We next tested whether MAPK 1/2 signaling was involved in EGF regulation of ENaC. The rationale for testing this hypothesis is that others have demonstrated that MAPK 1/2 signaling is necessary for EGF to decrease Na+ reabsorption across an immortalized mouse collecting duct epithelial cell line (25), and MAPK 1/2 signaling decreases ENaC activity (1, 20). We find that MAPK 1/2 signaling is not necessary for the acute actions of EGF and RTK on ENaC.
The third signaling pathway tested that may possibly couple EGFR to ENaC is RTK-mediated depletion of membrane PtdIns(4,5)P2 levels. This signaling pathway has drawn much attention lately with the finding that nerve growth factor via the receptor tyrosine kinase TrkA diminishes membrane PtdIns(4,5)P2 levels via PLC- to regulate TRP channels (4, 22).
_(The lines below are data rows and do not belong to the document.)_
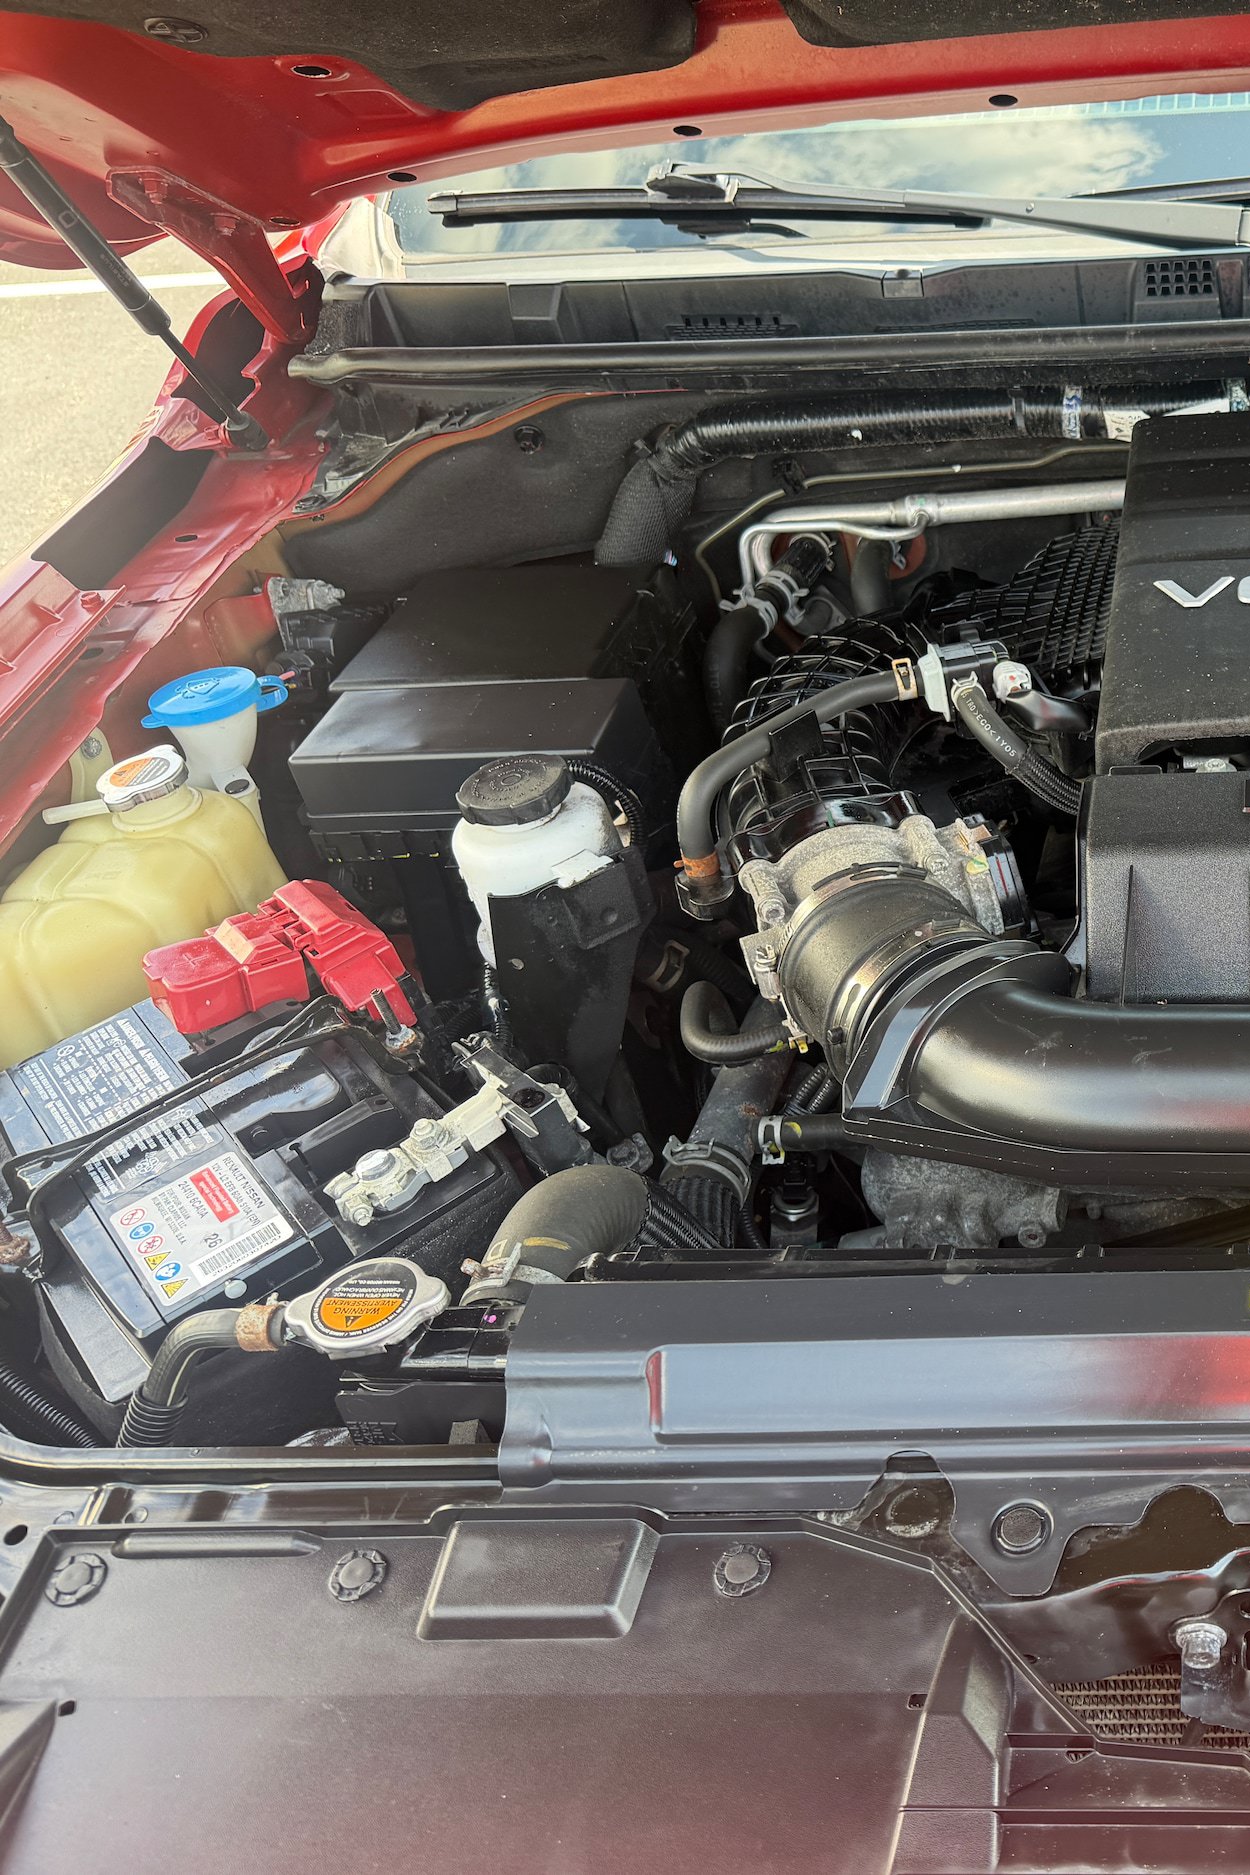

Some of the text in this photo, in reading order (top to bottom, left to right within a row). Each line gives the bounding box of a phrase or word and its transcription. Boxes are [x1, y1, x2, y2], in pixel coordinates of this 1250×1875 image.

[210, 1163, 221, 1172] 12V
[222, 1155, 264, 1209] RENAULT NISSAN
[202, 1232, 223, 1248] 26
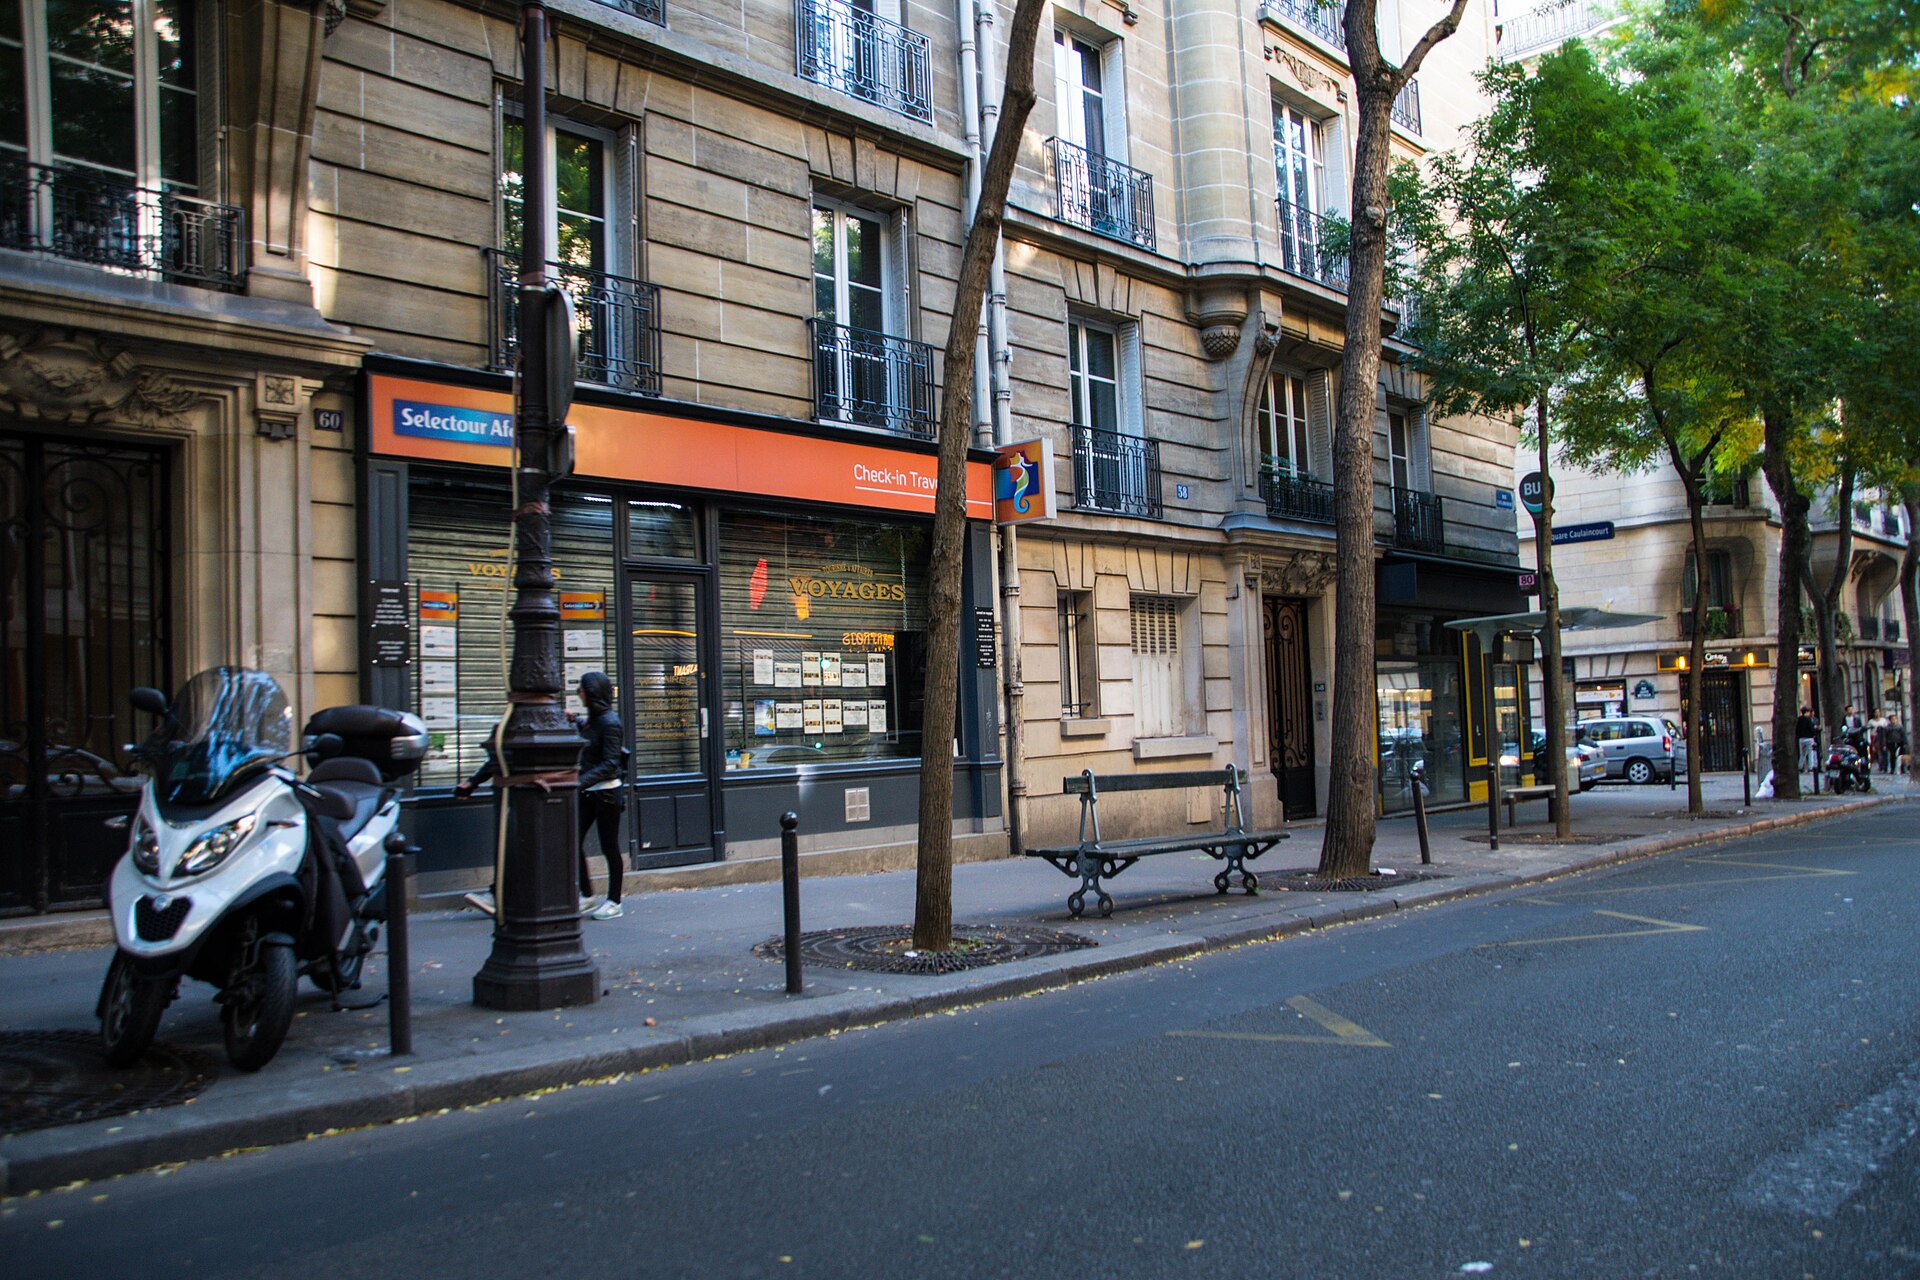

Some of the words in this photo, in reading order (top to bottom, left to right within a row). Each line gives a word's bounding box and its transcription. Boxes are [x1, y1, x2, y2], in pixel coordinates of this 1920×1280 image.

[318, 411, 341, 429] 60
[401, 407, 488, 435] Selectour
[853, 463, 907, 487] Check-in
[1177, 485, 1188, 499] 58
[1523, 482, 1541, 496] BU
[1552, 533, 1568, 543] quare
[1569, 527, 1609, 539] Caulaincourt
[789, 576, 905, 601] VOYAGES
[1520, 575, 1533, 585] 80
EGF signaling via RTK also depleted PtdIns(4,5)P2 to modulate TRP channel activity (22) and EGF-mediated hydrolysis of PtdIns(4,5)P2 suppresses activation of GIRK channels (14). Depletion of PtdIns(4,5)P2 in response to RTK signaling, in addition, suppresses P/Q- and N-type Ca2+ channel activity (39). The current findings confirm that EGF and RTK signaling depletes PtdIns(4,5)P2 and demonstrates that depletion of PtdIns(4,5)P2 via M1 signaling independent of RTK also decreases ENaC activity. Moreover, we demonstrate that EGF is unable to affect ENaC activity when PtdIns(4,5)P2 levels are clamped. These findings are consistent with a cellular mechanism where EGF signaling via RTK leads to depletion of membrane PtdIns(4,5)P2 levels to decrease ENaC activity. Such a mechanism fits nicely with the recent findings that ENaC activity is modulated by membrane phospholipid levels to include PtdIns(4,5)P2 (17, 32, 40).
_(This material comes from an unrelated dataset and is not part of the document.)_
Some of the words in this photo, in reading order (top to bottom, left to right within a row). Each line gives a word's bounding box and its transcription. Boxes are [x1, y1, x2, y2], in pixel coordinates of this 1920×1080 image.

Open probability of ENaC is directly related to membrane PtdIns(4,5)P2 levels with this phospholipid being permissive for normal channel activity (17, 40). It is believed that as ENaC unbinds PtdIns(4,5)P2 open probability decreases. The current findings demonstrating that EGF and RTK signaling decrease ENaC open probability then also are consistent with a mechanism of action dependent on PtdIns(4,5)P2 depletion. Moreover, the quick time course of EGF actions on ENaC and the fact that this signaling pathway is membrane delimited also are consistent with depletion of PtdIns(4,5)P2 as the mechanism of EGF action on ENaC activity.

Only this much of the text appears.